We rode these boats to get to the turtle island.

The turtle pool.

Those close to me during my year on Pemba gave me a great sendoff. The volunteers ravenously converged on my home in my final days to pillage the place, and what they didn’t get my friend Ismael and associates took care of.

Bora leo means “today is the best.”

The little kids who spent the last year playing in my front yard were thrilled with their goodbye gifts.

In my first week on Pemba this one boy sat on my front porch singing in a raspy Bob Dylon-esque voice. I jokingly called him Bob Dylan in front of his friends, and overnight his new name in town became Bobi Deelon. I’m pretty sure Bobi Deelon will hate me for the rest of his life. Hopefully I made amends by having my parents mail me this t-shirt to give the guy.

Ismael was by far my best Pemban friend during my year there, and I truly wish him and his family all the best. He, his brother, his cousin, and about a dozen of their friends and family members escorted me to the airport in a friend’s van. I could not have asked for a rowdier entourage.

Ismael, as my father nicknamed him: the champion of hot.

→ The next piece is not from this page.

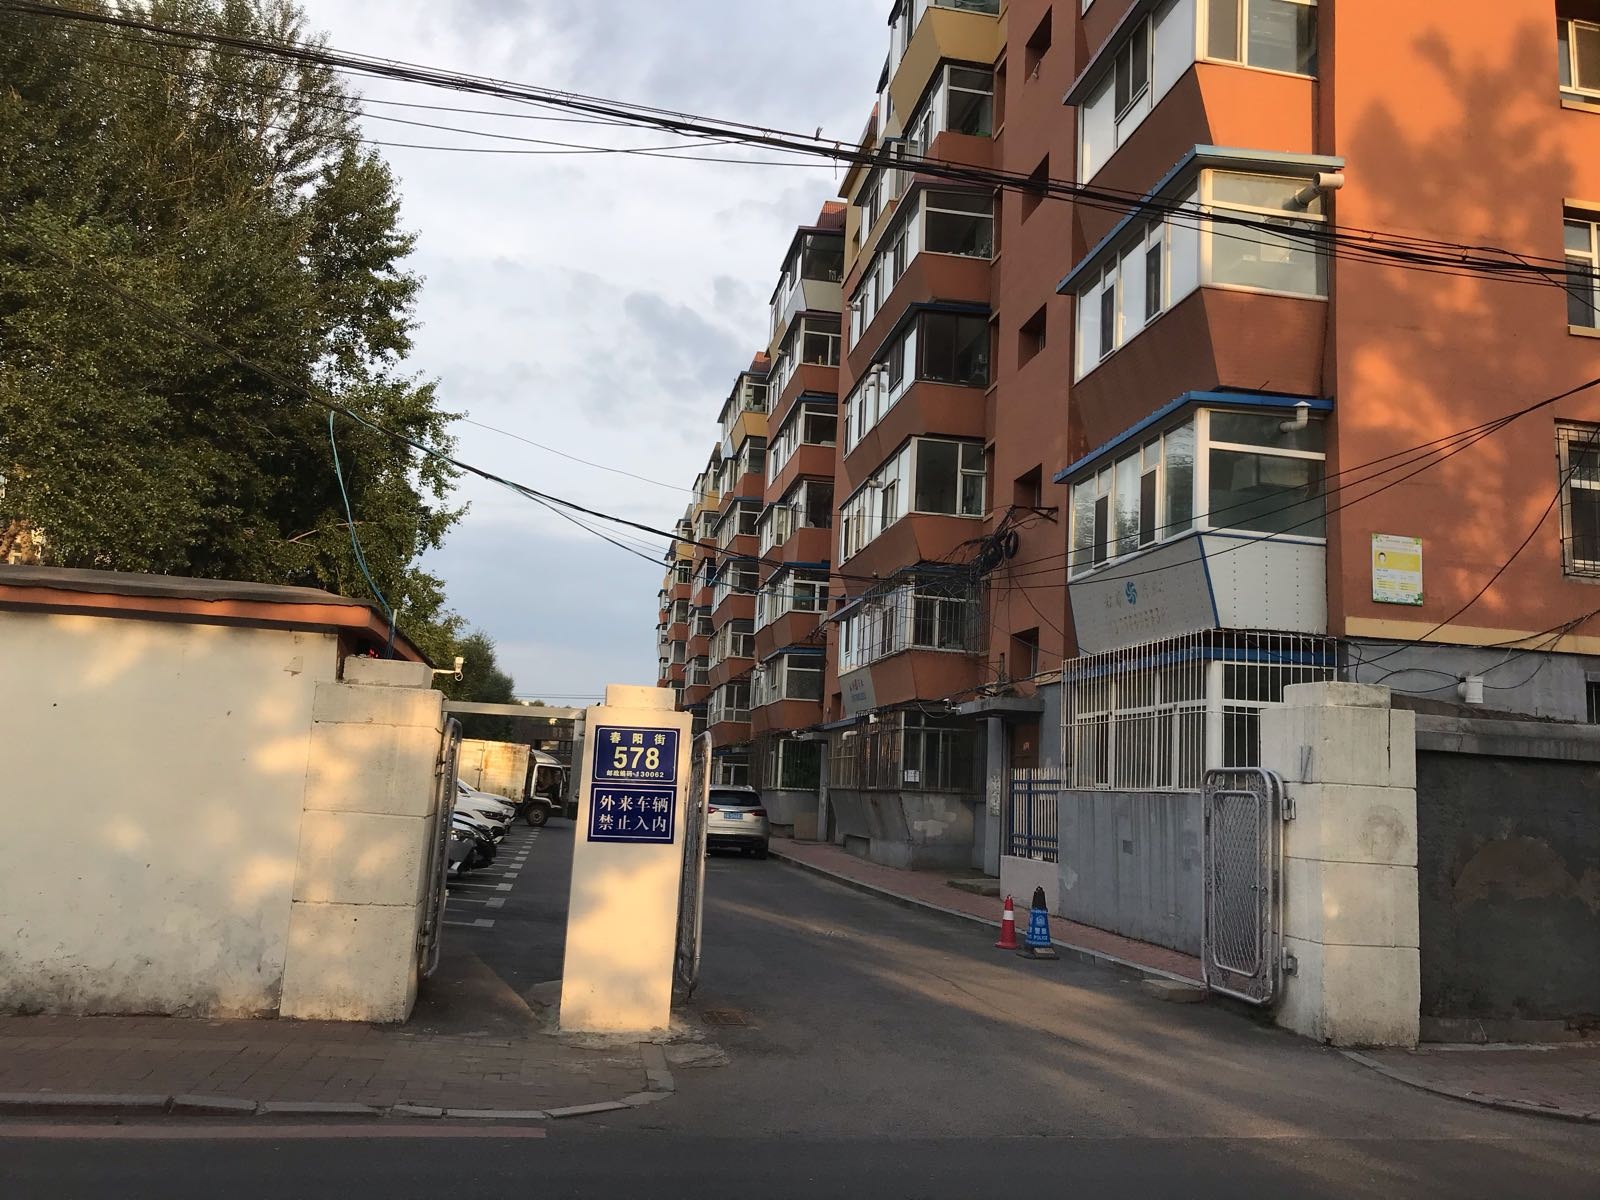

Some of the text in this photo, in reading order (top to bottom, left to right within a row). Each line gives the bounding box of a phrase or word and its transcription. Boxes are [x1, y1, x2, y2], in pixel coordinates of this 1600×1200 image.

[609, 731, 666, 746] 春阳街
[613, 746, 660, 770] 578
[599, 794, 669, 814] 外来车辆
[598, 813, 667, 832] 禁止入内

Despite the challenges of living on the island, and being forced to make the difficult decision to leave, I am proud of the work I was able to accomplish there. It was very hard saying goodbye, and I really do wish Pemba all the best. My heart goes out the place. Good people working ever so hard to succeed against utterly impossible odds. As I write this in my parents’ cozy home on the beautiful Maine ocean, it’s hard to stop worrying about the friends I’ve left behind, knowing full well the struggles that lie ahead for them.